Paleoradiology (ancient radiology) is the study of archaeological remains through the use of radiographic techniques, such as X-ray, CT (computer tomography) and micro-CT scans. It is predominately used by archaeologists and anthropologists to examine mummified remains due to its non-invasive nature. Paleoradiologists can discover post-mortem damage to the body, or any artefacts buried with them, while still keeping the remains intact. Radiological images can also contribute evidence about the person's life, such as their age and cause of death. The first recorded use of paleoradiology (although not by that name) was in 1896, just a year after the Rōntgen radiograph was first produced. Although this method of viewing ancient remains is advantageous due to its non-invasive manner, many radiologists lack expertise in archeology and very few radiologists can identify ancient diseases which may be present.

== Techniques ==

=== CT ===

CT scans are most commonly used in paleoradiological studies because they can create images of soft tissue, organs and body cavities of mummified remains without performing an invasive and damaging autopsy. This enables archaeologists and anthropologists to digitally unwrap the remains and reveal what they contain. CT scanners create these images by taking multiple radiographic planes (or cuts) of the body at different angles which records the layers of different structures in the remains. This differs from typical radiographic scans (X-rays) where all the structural layers are documented in one image, which can create shadows and therefore limit their accuracy.
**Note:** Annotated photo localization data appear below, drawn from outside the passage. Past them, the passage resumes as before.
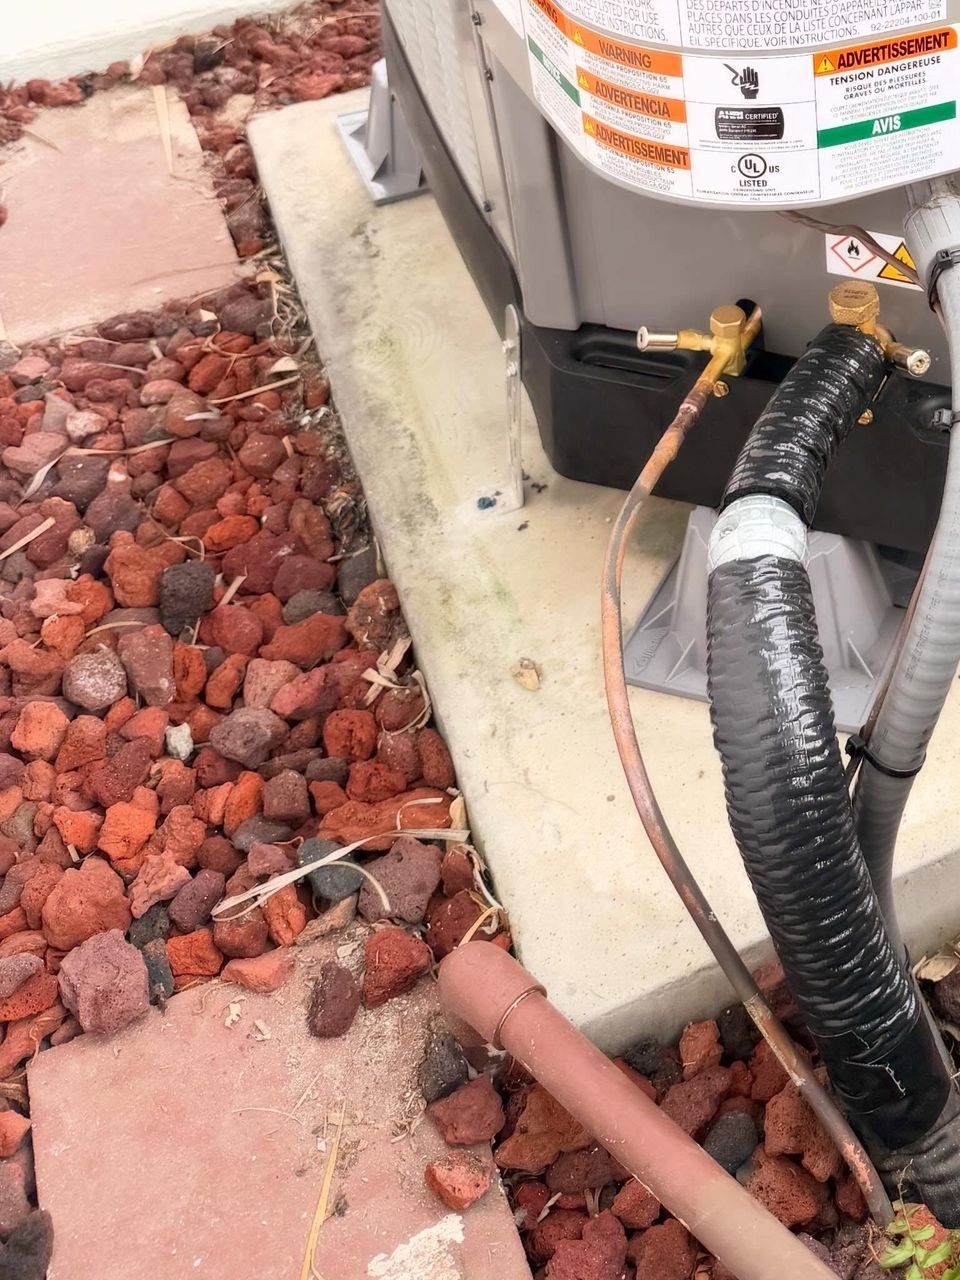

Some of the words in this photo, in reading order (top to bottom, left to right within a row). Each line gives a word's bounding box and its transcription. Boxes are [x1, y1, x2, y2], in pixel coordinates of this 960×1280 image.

[686, 0, 705, 10] DES
[724, 12, 752, 24] DANS
[754, 11, 771, 23] LES
[773, 4, 829, 23] CONDUITES
[624, 6, 641, 21] FOR
[641, 12, 659, 26] USE
[688, 23, 722, 35] AUTRES
[724, 24, 745, 37] QUE
[746, 22, 772, 36] CEUX
[774, 22, 787, 35] DE
[789, 21, 801, 33] LA
[803, 19, 826, 32] LISTE
[828, 9, 888, 29] CONCERNANT
[689, 35, 702, 46] EIL
[764, 35, 788, 47] VOIR
[789, 26, 861, 46] INSTRUCTIONS.
[870, 9, 942, 32] 92-22204-100-01
[598, 39, 653, 69] WARNING
[837, 31, 950, 70] ADVERTISSEMENT
[616, 64, 659, 81] PROPOSITION
[659, 75, 668, 83] 65
[830, 70, 874, 86] TENSION
[877, 55, 942, 77] DANGEREUSE
[845, 83, 872, 94] RISQUE
[874, 80, 887, 88] DES
[889, 71, 926, 84] BLESSURES
[594, 81, 671, 118] ADVERTENCIA
[843, 89, 872, 101] GRAVES
[874, 87, 886, 95] OU
[621, 109, 662, 127] PROPOSITION
[663, 120, 672, 128] 65
[872, 115, 902, 135] AVIS
[594, 124, 689, 167] ADVERTISSEMENT
[626, 154, 666, 173] PROPOSITION
[667, 166, 675, 174] 65
[744, 159, 760, 173] UL
[768, 165, 780, 173] US
[739, 179, 768, 187] LISTED
There are several main viewing techniques used in CT imaging.

- Axial Imaging: images that are taken from transverse planes, cutting across the body. This provides information about the chest, abdomen and pelvic area of the body, as well as the cranium.
- Sagittal Imaging: images taken from the left or right sides of the body. This gives a greater indication of the length of fractures found on the remains. Together with axial imaging it can create a greater depth of visual understanding of the interior of the body.
- Coronal Imaging: images are taken from the back to the front of the body. This can provide a more accurate indication of the presence of organs in the chest cavity (e.g. the heart).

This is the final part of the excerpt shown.